Earlier this month Microsoft exposed a 6.5TB Elastic server that included search terms, location coordinates, device ID data, and a partial list of which URLs were visited.
The server was password-protected until somewhere around September 10th, according to areport from cyber-security outfit WizCase who said “the authentication was removed.”
Once the data was left unsecured, the infosec firm reported the problem to Microsoft. This was on September 13th.
A few days later on September 16th, the Windows giants security center removed the database from public view.
However, those few days from the 13th to the 16th was a long enough window for hackers and bots to find the unprotected data.
WizCase said the server suffered a Meow attack on two occasions, referring to a bot which wipes unsecured databases and replaces them with new ones featuring over and over the word “meow”.
If the Meow bot found that data, it is very likely that other interested parties found it as well.
According to Microsoft, the information did not include personal details like names, addresses, phone numbers, email addresses, physical addresses, etc.
So the question then becomes – was there enough data included to track down individuals using the search engine?
Remember the very similar AOL incident back in 2016 when AOL released what they thought was anonymized search data for “research purposes” and journalists soon proved this wrong by identifying some of the searchers?
Yup – that actually happened.
One of the reasons it was so easy for the journalists to identify some of the searchers was because each searcher was identified by a numeric key.

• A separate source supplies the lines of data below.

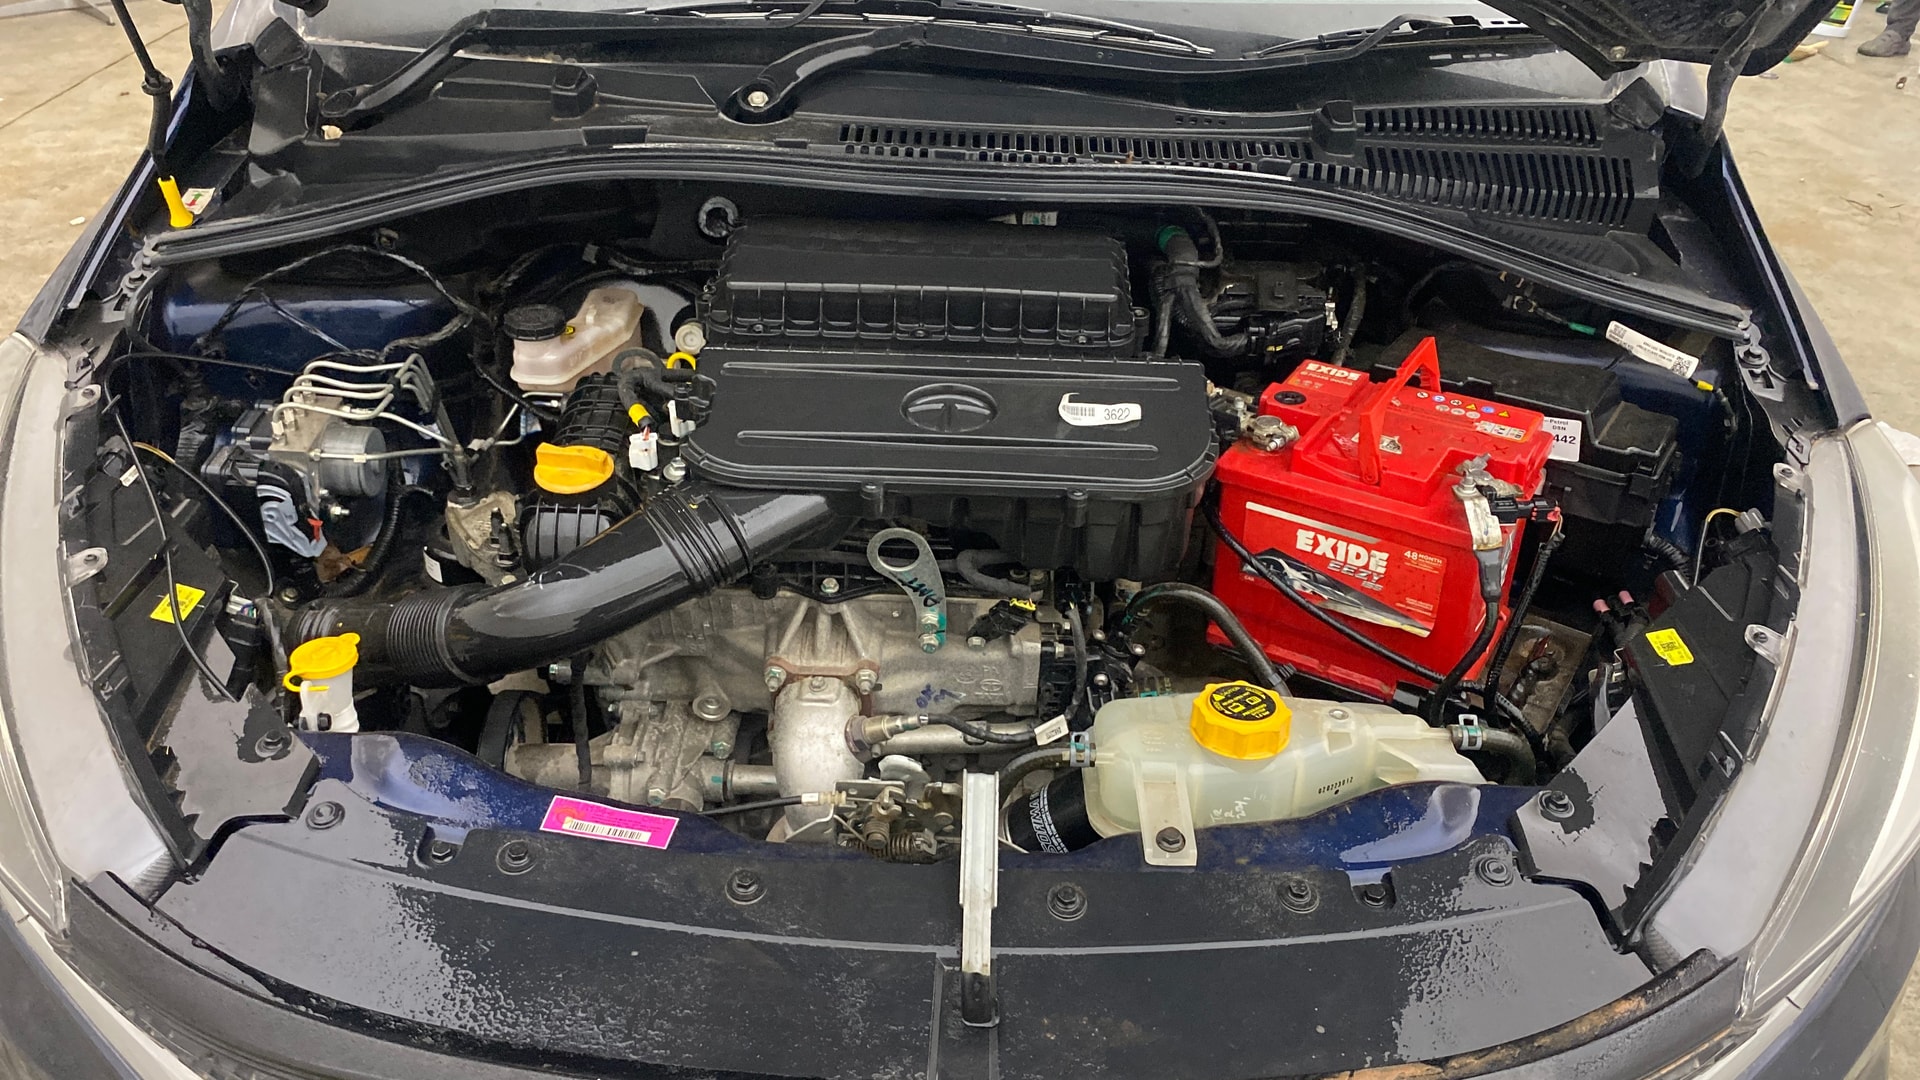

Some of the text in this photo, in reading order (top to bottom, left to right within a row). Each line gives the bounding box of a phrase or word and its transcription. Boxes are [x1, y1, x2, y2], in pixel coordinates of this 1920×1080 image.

[1306, 363, 1361, 380] EXIDE
[1104, 407, 1130, 421] 3622
[1296, 529, 1389, 574] EXIDE
[1404, 550, 1443, 564] 48 MONTH
[1327, 560, 1384, 583] EEZY
[1028, 797, 1058, 853] SOFIMA

This made it possible to see all the searches made by a particular individual then connect the dots from clues in the queries.
Even though Microsoft claims the data doesn’t link back to specific users, the leaked data may likewise have privacy implications.

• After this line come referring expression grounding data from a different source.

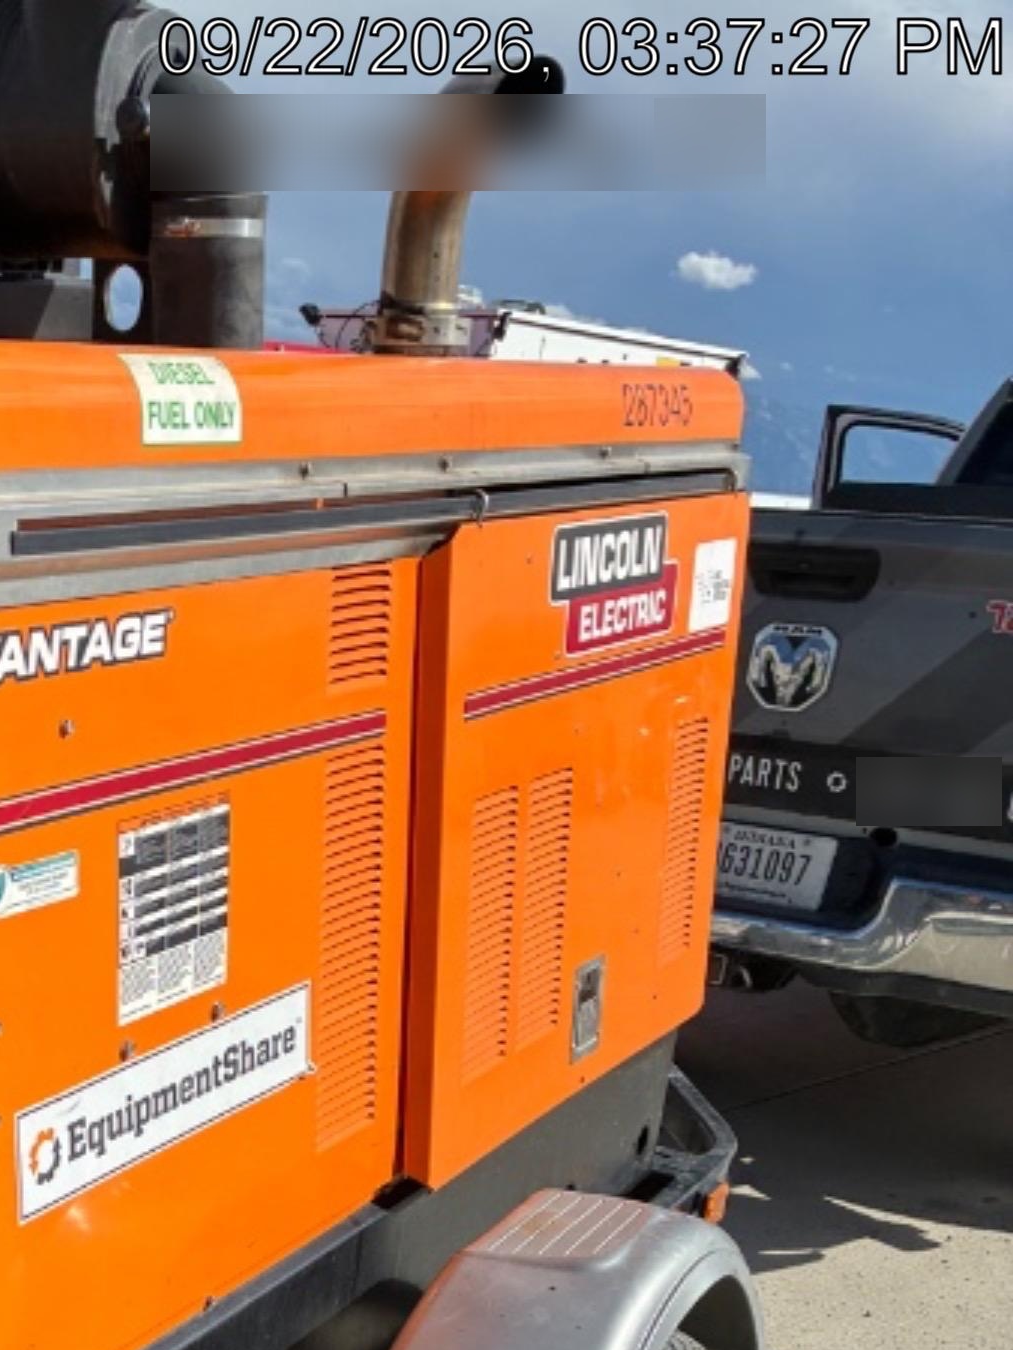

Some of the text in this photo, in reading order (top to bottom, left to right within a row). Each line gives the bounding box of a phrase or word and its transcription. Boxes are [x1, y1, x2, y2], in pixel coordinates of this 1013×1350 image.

[148, 362, 215, 385] DIESEL
[147, 401, 237, 430] FUEL ONLY
[622, 383, 694, 428] 287345
[556, 524, 663, 593] LINCOLN
[577, 588, 667, 644] ELECTRIC
[727, 753, 803, 792] PARTS
[717, 841, 813, 887] 631097
[67, 1022, 297, 1164] EquipmentShare

WizCase screenshots show that the records include fields called deviceID, deviceHash, AdID and clientID, all of which are promising in terms of finding all the searches from a particular user.

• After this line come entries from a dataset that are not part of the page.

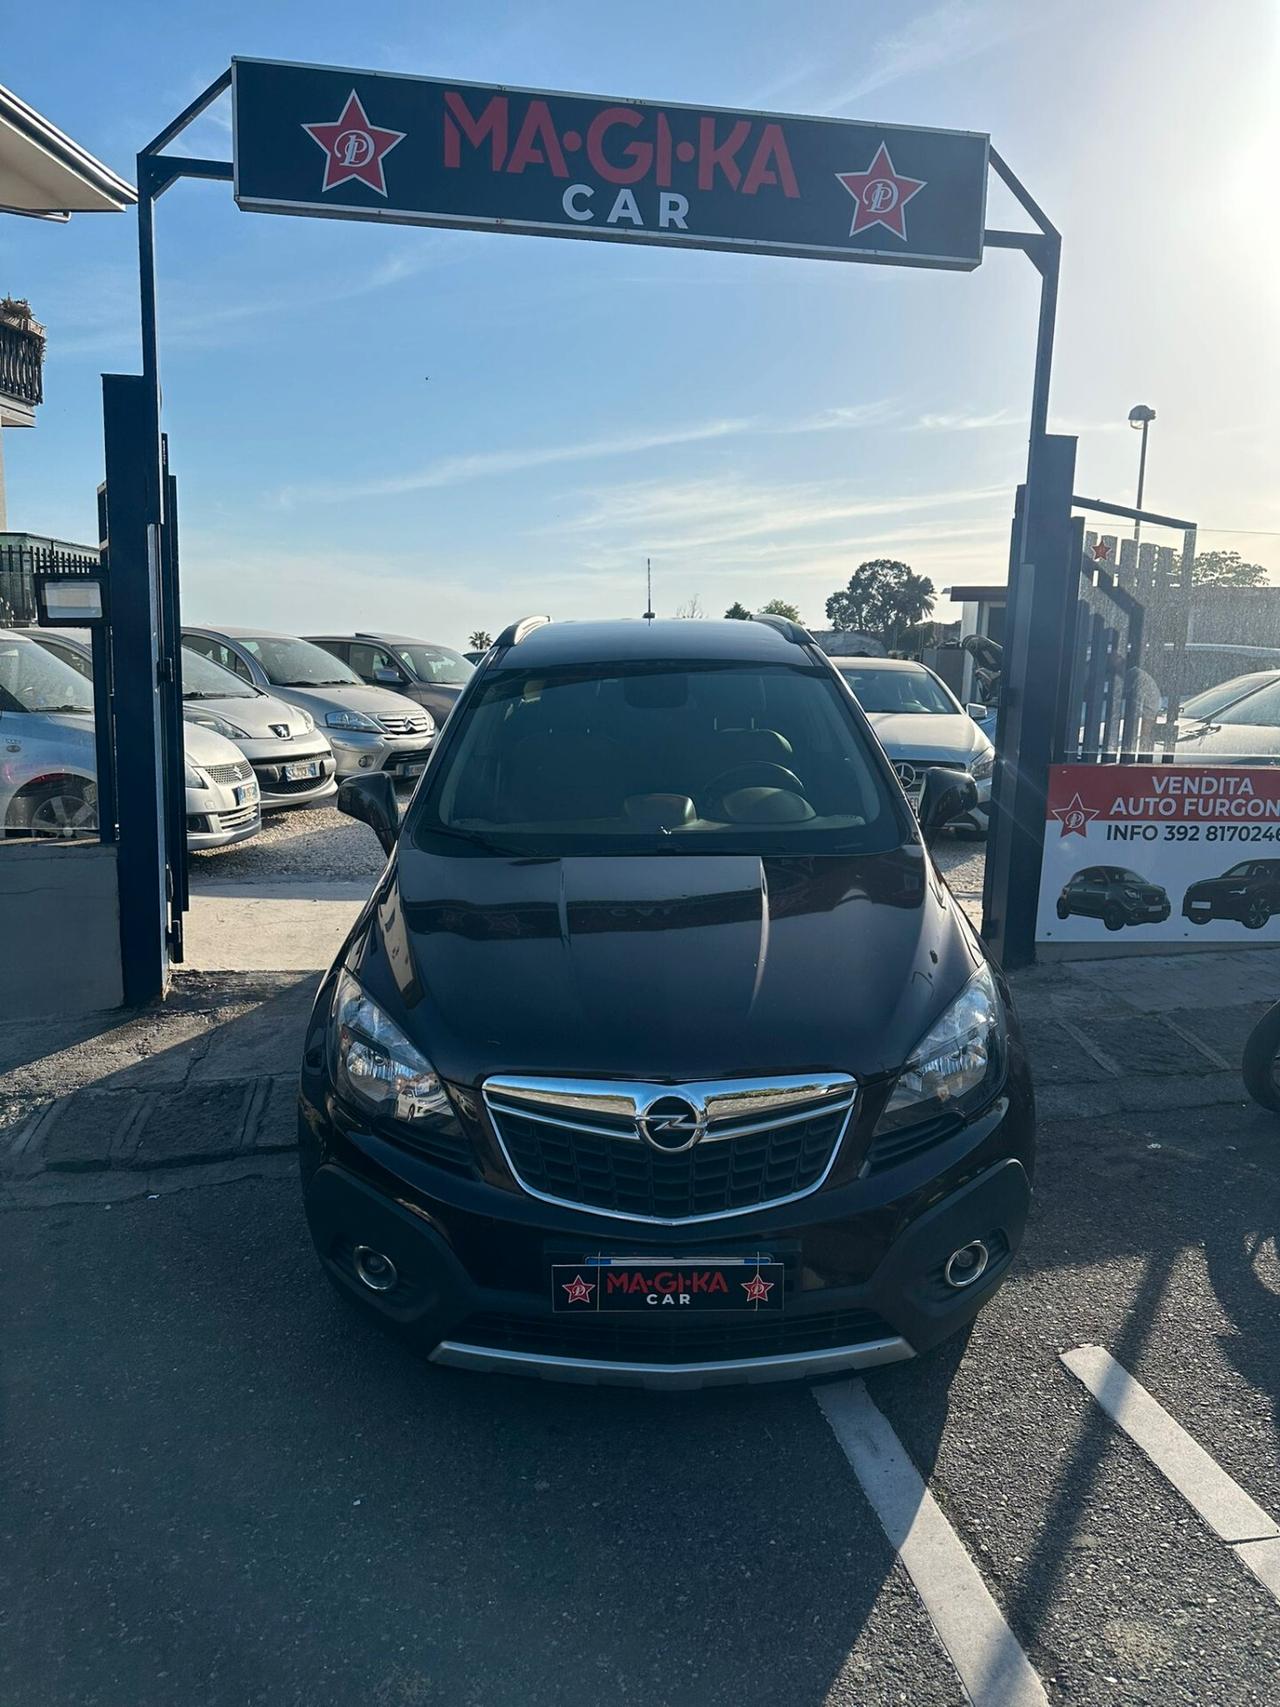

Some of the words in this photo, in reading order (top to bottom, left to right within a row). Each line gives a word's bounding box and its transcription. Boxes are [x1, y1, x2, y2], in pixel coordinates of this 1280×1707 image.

[562, 183, 690, 229] CAR
[1151, 775, 1255, 795] VENDITA
[1109, 796, 1177, 817] AUTO
[1106, 824, 1159, 841] INFO
[1163, 825, 1200, 842] 392
[646, 1293, 691, 1305] CAR

The data also includes some not-so-pleasant things people search for, including illegal content.
WizCase suggested that if criminals succeed in linking the data with specific users, some individuals could be vulnerable to blackmail or phishing scams as a result.
A Microsoft spokesperson told us: “We’ve fixed a mis-configuration that caused a small amount of search query data to be exposed. After analysis, we’ve determined that the exposed data was limited and de-identified.”
Statcounter readings show just 2.83 percent market share for Bing versus Google’s 92.05 percent.
Yes, it is a small percentage of a very large market and the Statcounter’s numbers may not reflect searches via the Bing app or those integrated with Windows search.
It is true that anyone can make a mistake however, there is an implicit deal that providers like Google and Microsoft can give us improved search results in return for us allowing them to collect data on our behavior.
With this exchange comes a level of trust and this incident is damaging of that trust – especially because the data was not encrypted.
The security blunder is unfortunate for Microsoft but hopefully it is a valuable lesson learned.